Il Report si fonda su dati raccolti tra giugno e novembre 2025 e segnala un’evoluzione delle tecniche utilizzate nelle truffe, con un crescente ricorso a deepfake e contenuti generati dall’AI. Alcune minacce note hanno invece registrato un netto calo delle rilevazioni nella seconda metà dell’anno
ESET, leader globale nel mercato della cybersecurity, ha pubblicato l’ultima edizione del Threat Report, che riassume le tendenze delle minacce osservate nella telemetria ESET e analizzate dagli esperti di threat detection e ricerca nel periodo compreso tra giugno e novembre 2025. Nella seconda metà dell’anno il malware AI-based è passato dalla teoria alla realtà: ESET ha infatti scoperto PromptLock, il primo ransomware AI-driven noto, in grado di generare script malevoli dinamicamente. Sebbene l’AI venga ancora utilizzata principalmente per creare contenuti di phishing e truffe più convincenti, PromptLock – insieme ad altre poche minacce AI-driven identificate finora – segnala l’inizio di una nuova era delle minacce.

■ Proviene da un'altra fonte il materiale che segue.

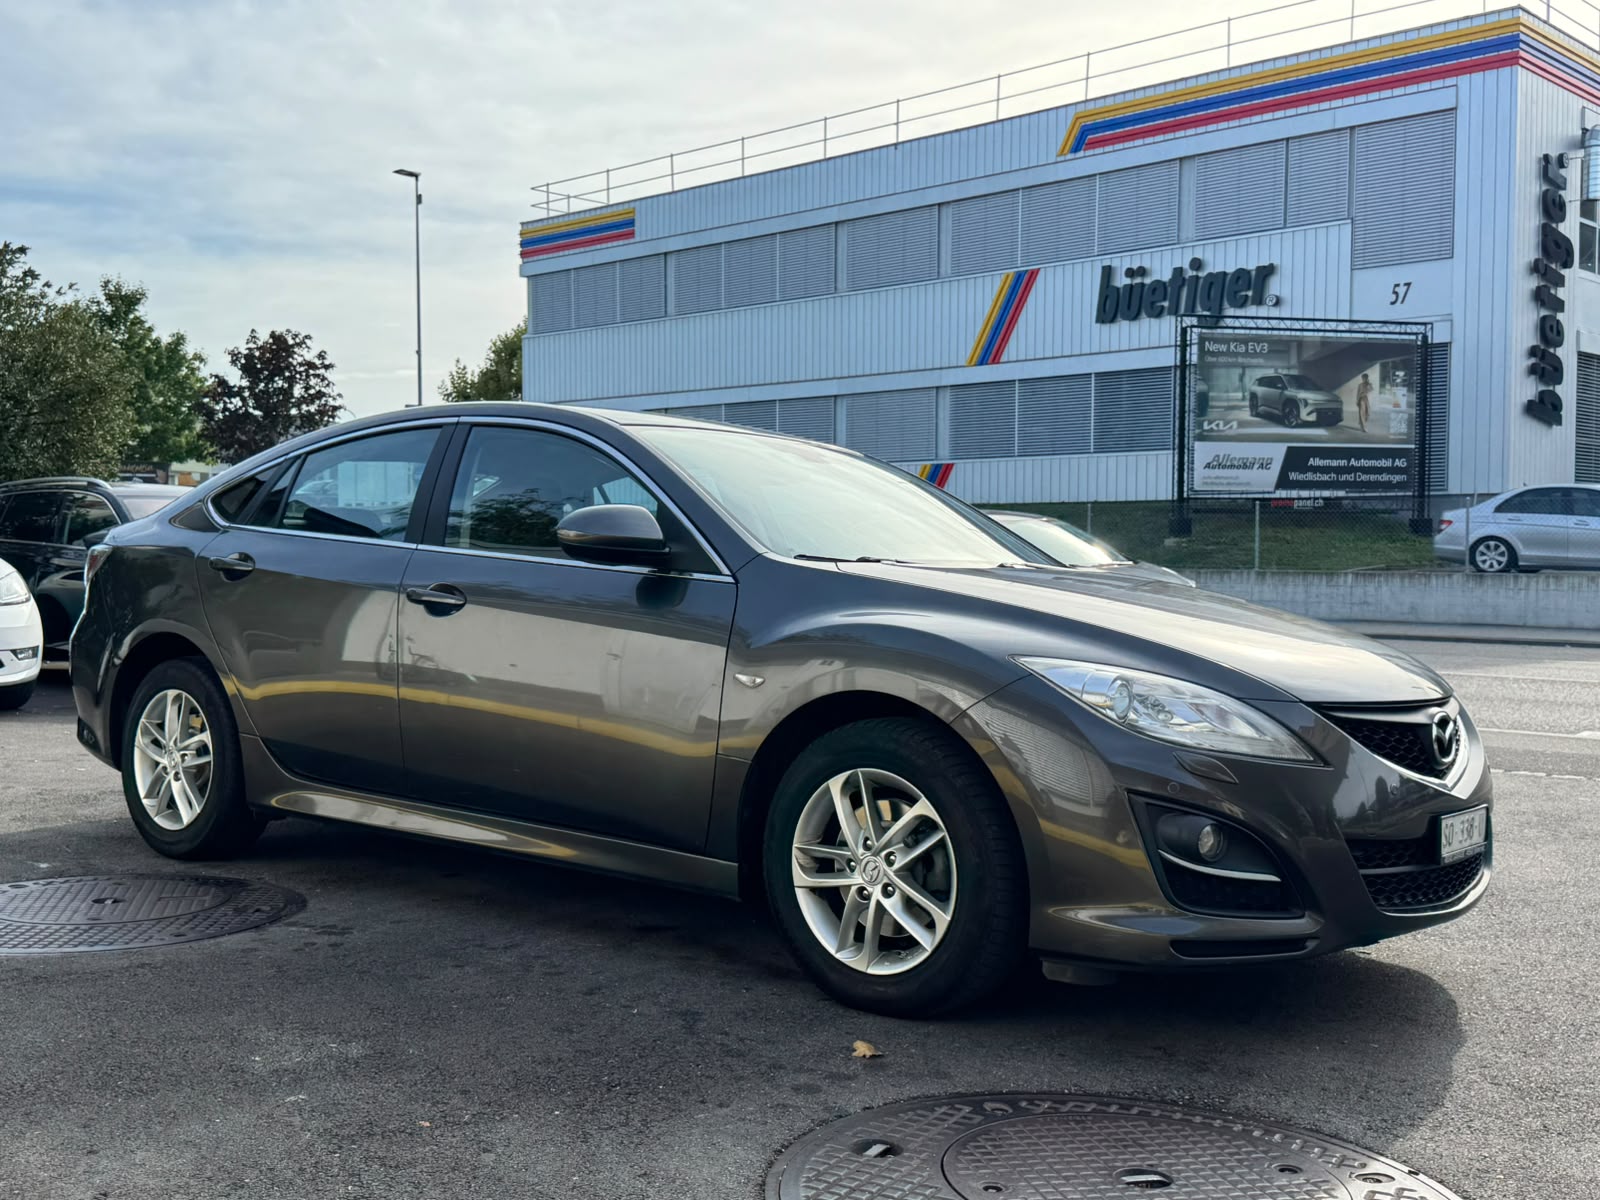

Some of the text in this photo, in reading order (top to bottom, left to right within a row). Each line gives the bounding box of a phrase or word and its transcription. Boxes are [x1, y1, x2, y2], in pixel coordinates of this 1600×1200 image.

[1389, 282, 1412, 305] 57
[1204, 341, 1269, 354] New Kia EV3
[1211, 453, 1274, 465] Allemann
[1307, 457, 1408, 468] Allemann Automobil AG
[1203, 462, 1273, 471] Automobil AG
[1288, 471, 1408, 484] Wiedlisbach und Derendingen

“Le truffe di investimento Nomani hanno mostrato un’evoluzione significativa delle tecniche utilizzate: sono stati osservati deepfake di qualità superiore, segnali di siti di phishing generati dall’AI e campagne pubblicitarie sempre più brevi, progettate per ridurre le possibilità di individuazione”, afferma Jiří Kropáč, Director di ESET Threat Prevention Labs. Nella telemetria ESET, le rilevazioni delle truffe Nomani sono cresciute del 62% su base annua, con un lieve calo del trend nella seconda metà del 2025. Le truffe Nomani si stanno inoltre espandendo da Meta ad altre piattaforme, tra cui YouTube.
Per quanto riguarda il ransomware, il numero di vittime ha superato i livelli del 2024 ben prima della fine dell’anno, con proiezioni di ESET Research che indicano un aumento del 40% su base annua. Akira e Qilin dominano ora il mercato del ransomware-as-a-service, mentre il nuovo arrivato Warlock, seppur a basso profilo, ha introdotto tecniche di evasione innovative. La diffusione degli EDR killer è proseguita, a dimostrazione del fatto che gli strumenti di endpoint detection and response continuano a rappresentare un ostacolo rilevante per gli operatori ransomware.

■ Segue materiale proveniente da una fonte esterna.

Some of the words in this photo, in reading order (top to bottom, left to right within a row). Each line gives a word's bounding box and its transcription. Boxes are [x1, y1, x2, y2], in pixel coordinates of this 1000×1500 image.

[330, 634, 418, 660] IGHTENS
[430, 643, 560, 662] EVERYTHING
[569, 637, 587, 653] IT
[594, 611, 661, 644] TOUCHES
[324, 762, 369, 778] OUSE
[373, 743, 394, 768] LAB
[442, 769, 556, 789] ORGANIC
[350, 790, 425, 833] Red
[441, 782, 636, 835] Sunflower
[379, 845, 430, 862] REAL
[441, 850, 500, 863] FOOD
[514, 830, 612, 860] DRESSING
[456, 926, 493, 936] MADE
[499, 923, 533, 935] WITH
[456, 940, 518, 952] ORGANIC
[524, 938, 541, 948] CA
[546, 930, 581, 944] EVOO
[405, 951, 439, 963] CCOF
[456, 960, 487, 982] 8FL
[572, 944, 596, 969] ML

Sulla piattaforma mobile, le minacce basate sulla tecnologia Near Field Communication (NFC) hanno continuato a crescere in scala e sofisticazione, con un aumento dell’87% nella telemetria ESET e diversi aggiornamenti e campagne rilevanti osservati nella seconda metà del 2025. NGate, pioniere tra le minacce NFC e scoperto per la prima volta da ESET, ha ricevuto un aggiornamento sotto forma di furto dei contatti, probabilmente ponendo le basi per attacchi futuri. RatOn, malware completamente nuovo nello scenario delle frodi NFC, ha introdotto una rara combinazione di funzionalità da remote access trojan (RAT) e attacchi di relay NFC, dimostrando la determinazione dei cybercriminali a esplorare nuovi vettori di attacco. RatOn è stato distribuito tramite finte pagine Google Play e annunci che imitavano una versione per adulti di TikTok e un servizio di identità digitale bancaria. PhantomCard, nuovo malware basato su NGate e adattato al mercato brasiliano, è stato osservato in più campagne in Brasile nella seconda metà del 2025.

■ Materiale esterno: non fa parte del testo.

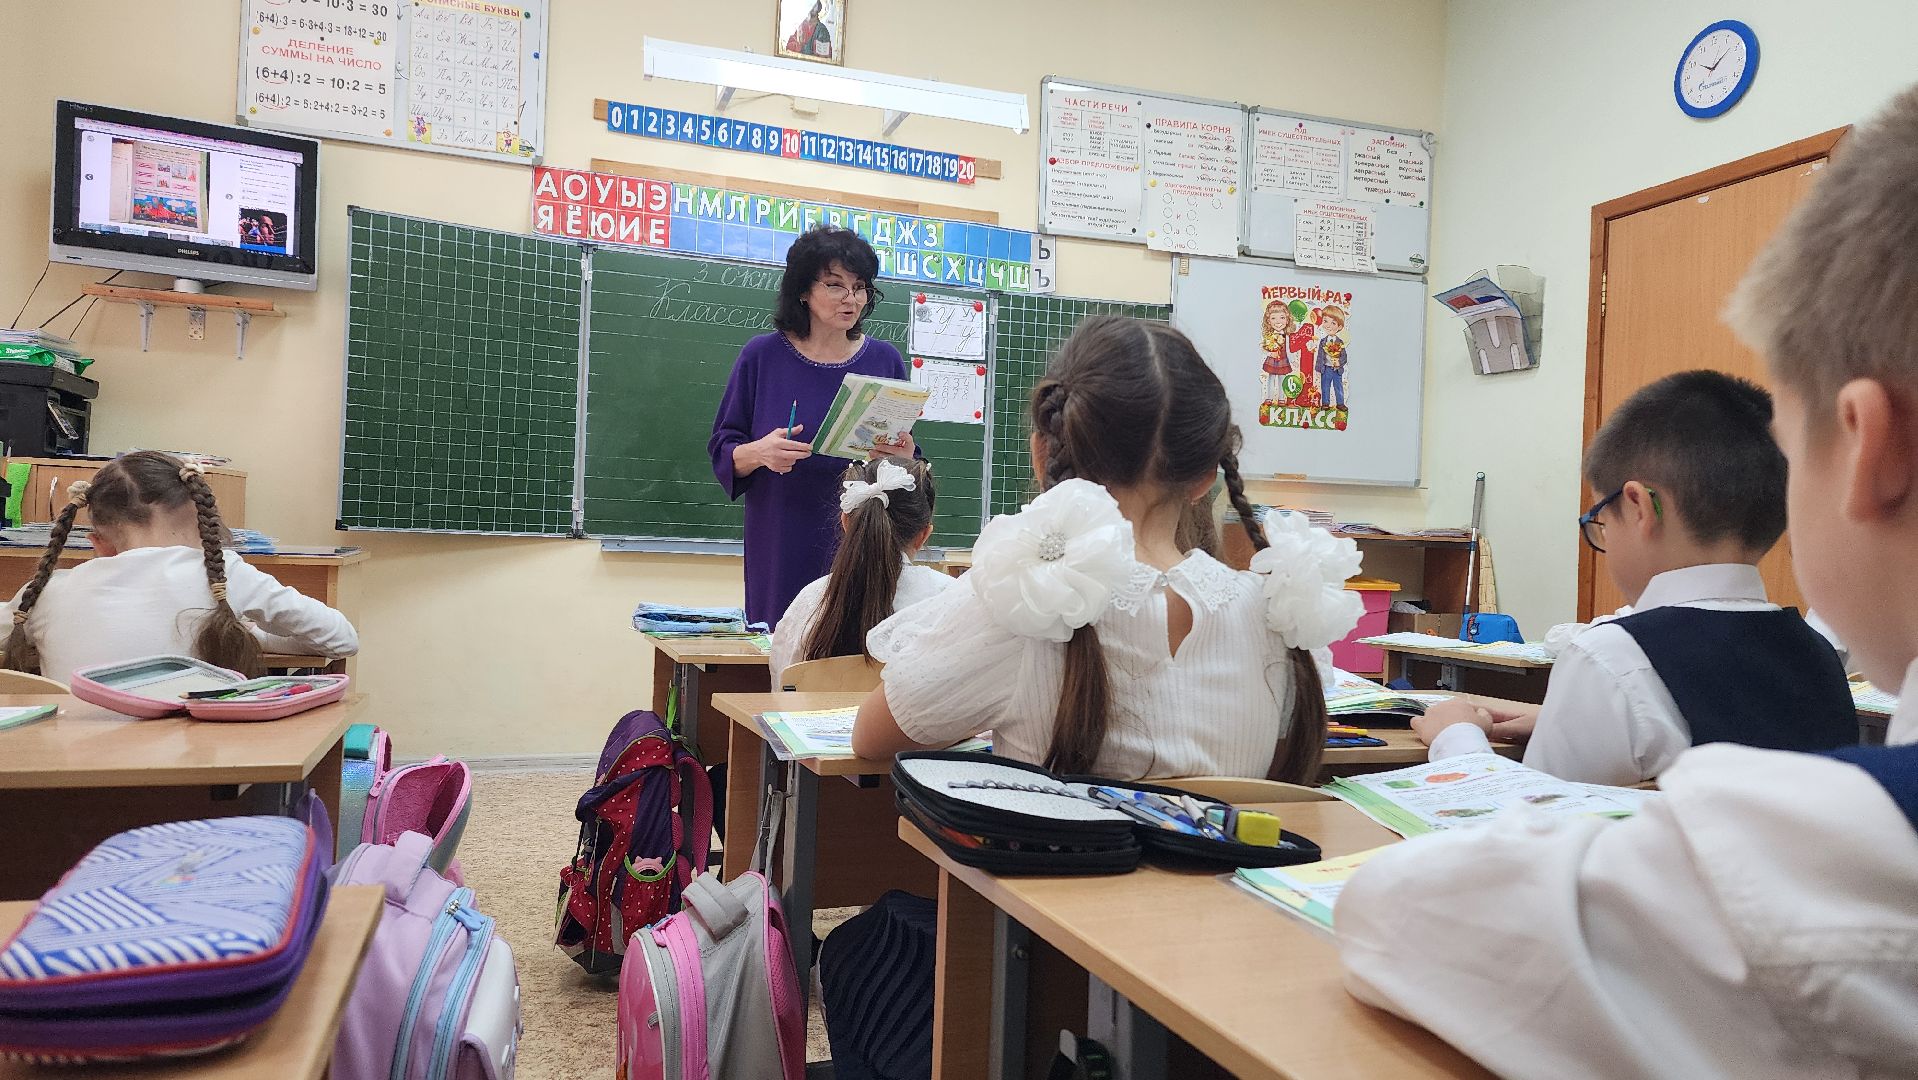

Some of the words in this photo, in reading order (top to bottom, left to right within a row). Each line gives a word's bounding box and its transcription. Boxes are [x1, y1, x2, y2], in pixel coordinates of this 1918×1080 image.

Inoltre, dopo l’interruzione globale di maggio, l’infostealer Lumma Stealer è riuscito a riemergere brevemente – due volte – ma il periodo di massimo splendore appare ormai concluso. Le rilevazioni sono crollate dell’86% nella seconda metà del 2025 rispetto al primo semestre dell’anno, e un importante vettore di distribuzione di Lumma Stealer – il trojan HTML/FakeCaptcha utilizzato negli attacchi ClickFix – è quasi scomparso dalla telemetria ESET.
Nel frattempo, CloudEyE, noto anche come GuLoader, è salito rapidamente alla ribalta, con un aumento di quasi trenta volte secondo la telemetria ESET. Distribuito tramite campagne email malevole, questo downloader e cryptor malware-as-a-service viene utilizzato per distribuire altri malware, inclusi ransomware e infostealer come Rescoms, Formbook e Agent Tesla. La Polonia è risultata il paese più colpito, con il 32% dei tentativi di attacco CloudEyE rilevati nella seconda metà del 2025.